Records for this exercise —
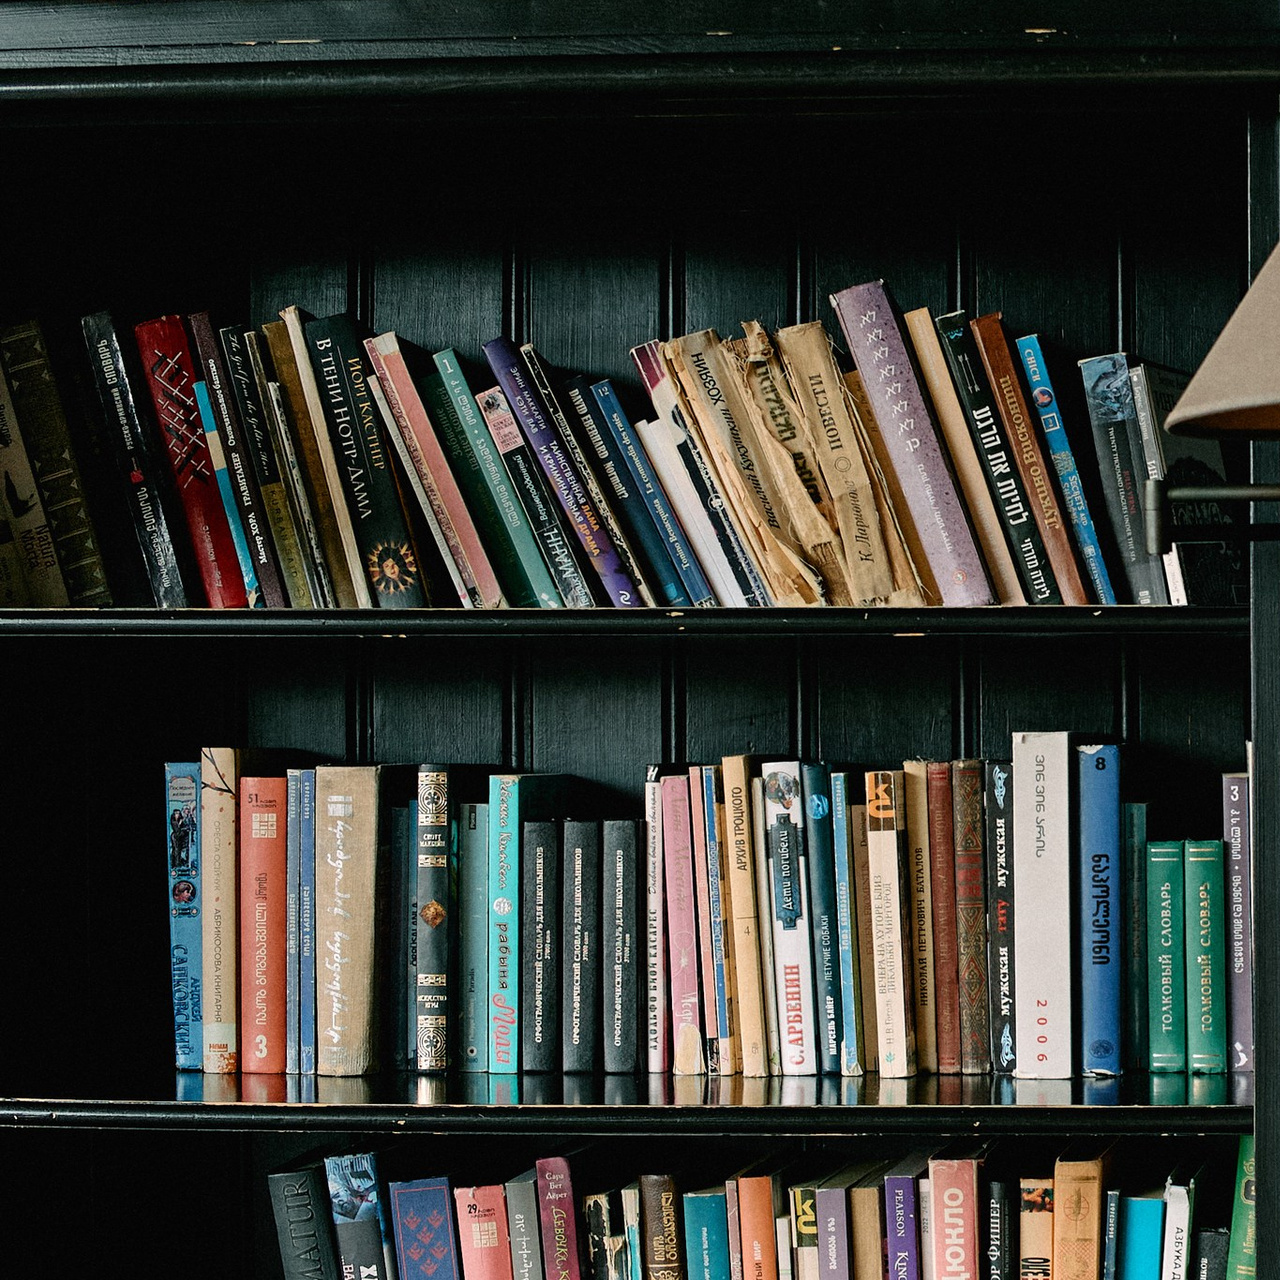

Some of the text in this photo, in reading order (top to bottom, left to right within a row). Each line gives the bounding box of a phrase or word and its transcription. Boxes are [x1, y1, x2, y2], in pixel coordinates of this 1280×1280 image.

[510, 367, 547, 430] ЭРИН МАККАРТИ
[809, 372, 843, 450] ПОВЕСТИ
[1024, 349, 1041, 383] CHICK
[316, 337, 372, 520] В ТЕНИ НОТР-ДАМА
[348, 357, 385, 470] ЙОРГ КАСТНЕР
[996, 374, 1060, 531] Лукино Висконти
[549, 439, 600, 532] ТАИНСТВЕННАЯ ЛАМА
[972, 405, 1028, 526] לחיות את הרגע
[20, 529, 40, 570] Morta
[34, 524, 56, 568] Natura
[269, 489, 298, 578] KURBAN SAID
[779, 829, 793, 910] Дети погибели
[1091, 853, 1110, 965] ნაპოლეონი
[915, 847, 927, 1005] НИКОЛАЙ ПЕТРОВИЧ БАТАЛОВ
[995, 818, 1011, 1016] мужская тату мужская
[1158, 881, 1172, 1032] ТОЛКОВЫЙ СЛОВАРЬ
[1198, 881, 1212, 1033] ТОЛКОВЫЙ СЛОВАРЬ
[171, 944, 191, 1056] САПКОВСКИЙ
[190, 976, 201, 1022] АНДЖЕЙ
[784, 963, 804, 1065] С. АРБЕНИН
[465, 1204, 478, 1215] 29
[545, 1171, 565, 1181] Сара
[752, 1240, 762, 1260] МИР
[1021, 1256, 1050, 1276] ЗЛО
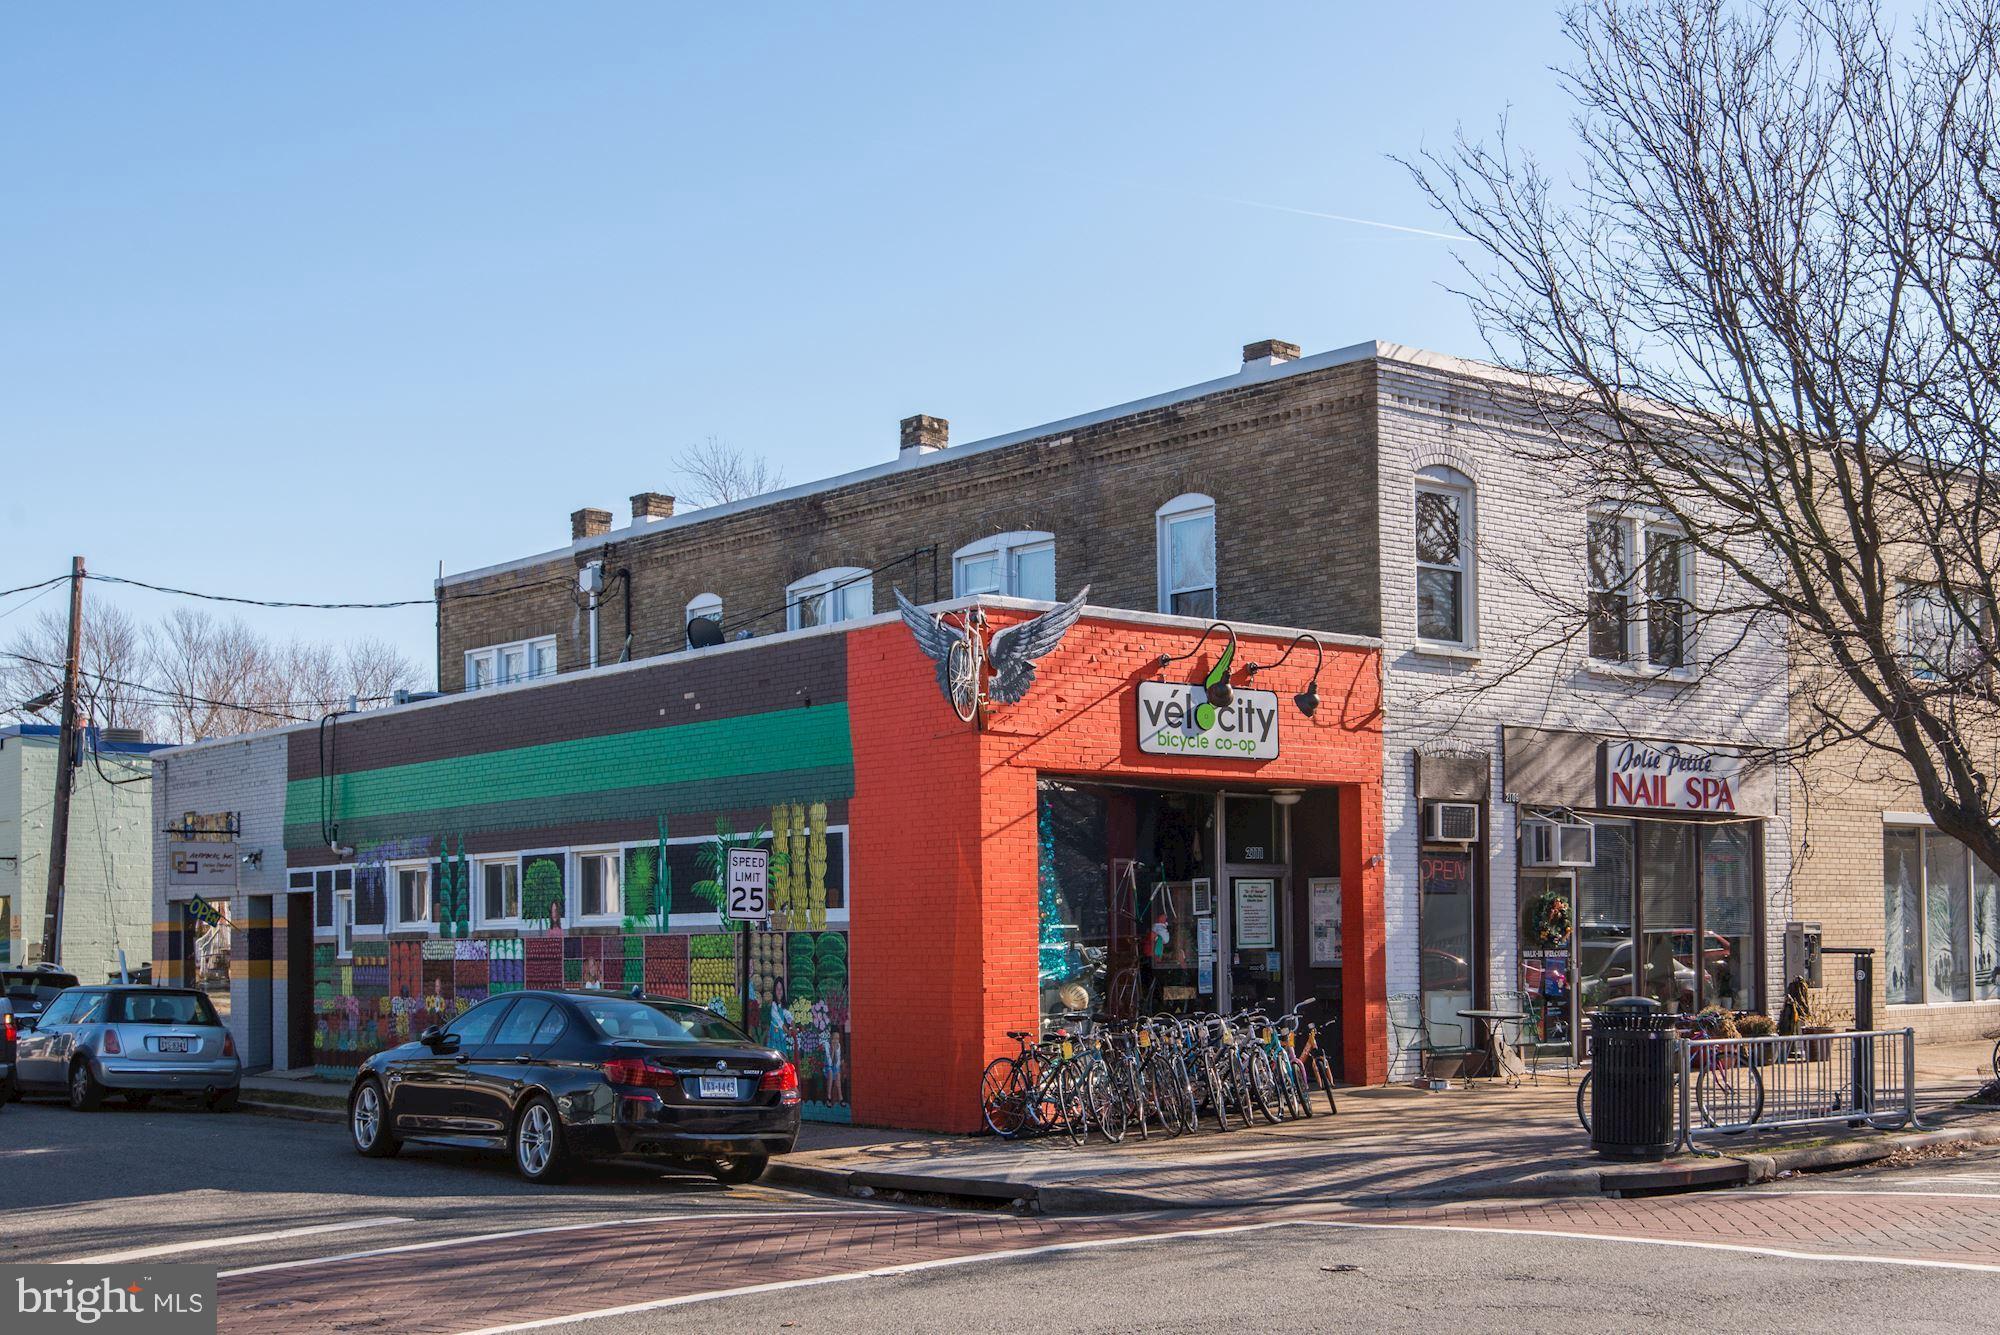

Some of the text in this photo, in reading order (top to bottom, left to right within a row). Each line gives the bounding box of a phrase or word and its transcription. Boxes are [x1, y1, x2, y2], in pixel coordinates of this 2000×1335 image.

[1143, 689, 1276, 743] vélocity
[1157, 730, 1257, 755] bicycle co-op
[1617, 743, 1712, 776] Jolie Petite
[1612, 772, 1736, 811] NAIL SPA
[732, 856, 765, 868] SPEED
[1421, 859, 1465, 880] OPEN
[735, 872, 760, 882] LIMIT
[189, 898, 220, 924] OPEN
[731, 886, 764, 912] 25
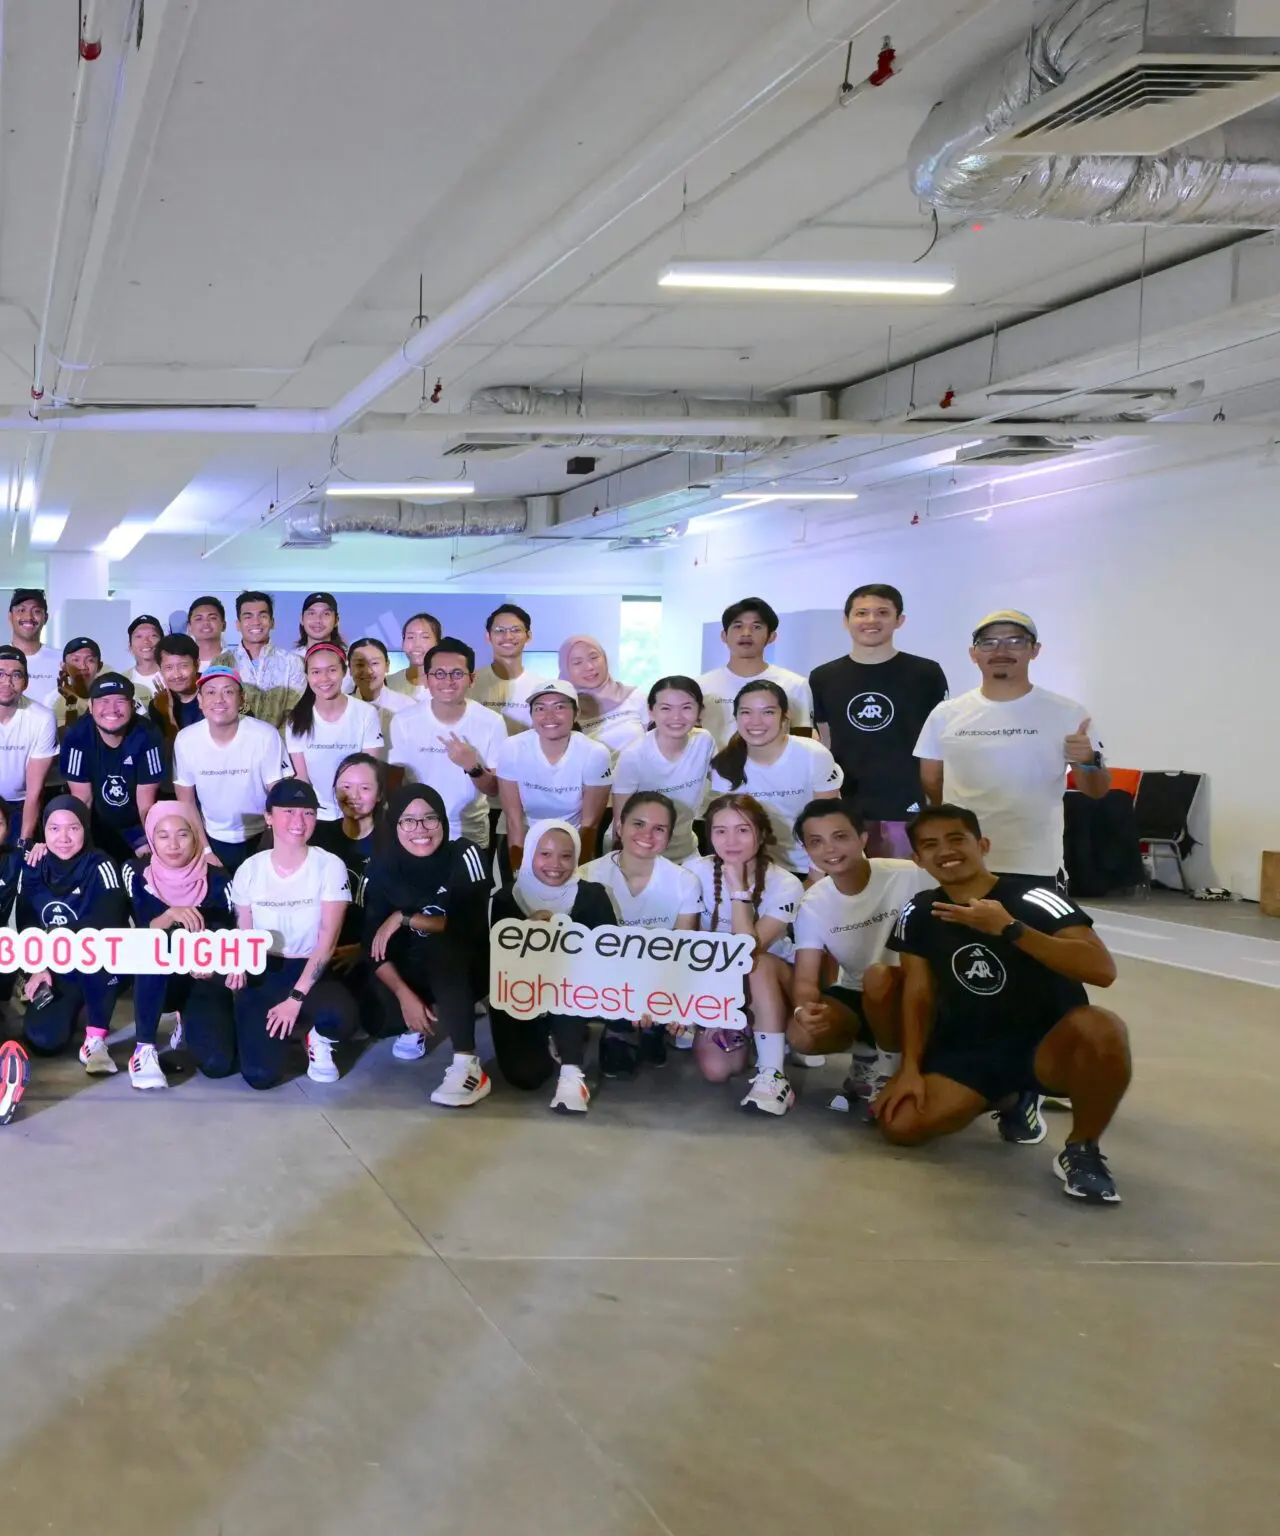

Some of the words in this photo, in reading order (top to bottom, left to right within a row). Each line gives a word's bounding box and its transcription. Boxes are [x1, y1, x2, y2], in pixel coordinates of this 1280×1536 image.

Exercise objective — Write out again, word for word, only the lines from the one with "this 2000×1335 image." through the last line of the material, and omit each picture.

Your response —
Some of the text in this photo, in reading order (top to bottom, left to right within a row). Each line gives the bounding box of a phrase or word and its transcription. Boxes are [x1, y1, x2, y2], in pixel coordinates of this 2000×1335 image.

[1143, 689, 1276, 743] vélocity
[1157, 730, 1257, 755] bicycle co-op
[1617, 743, 1712, 776] Jolie Petite
[1612, 772, 1736, 811] NAIL SPA
[732, 856, 765, 868] SPEED
[1421, 859, 1465, 880] OPEN
[735, 872, 760, 882] LIMIT
[189, 898, 220, 924] OPEN
[731, 886, 764, 912] 25

Some of the words in this photo, in reading order (top to bottom, left to right within a row). Each line gives a word's bounding box and its transcription. Boxes are [x1, y1, x2, y2], in pixel coordinates of this 1280×1536 image.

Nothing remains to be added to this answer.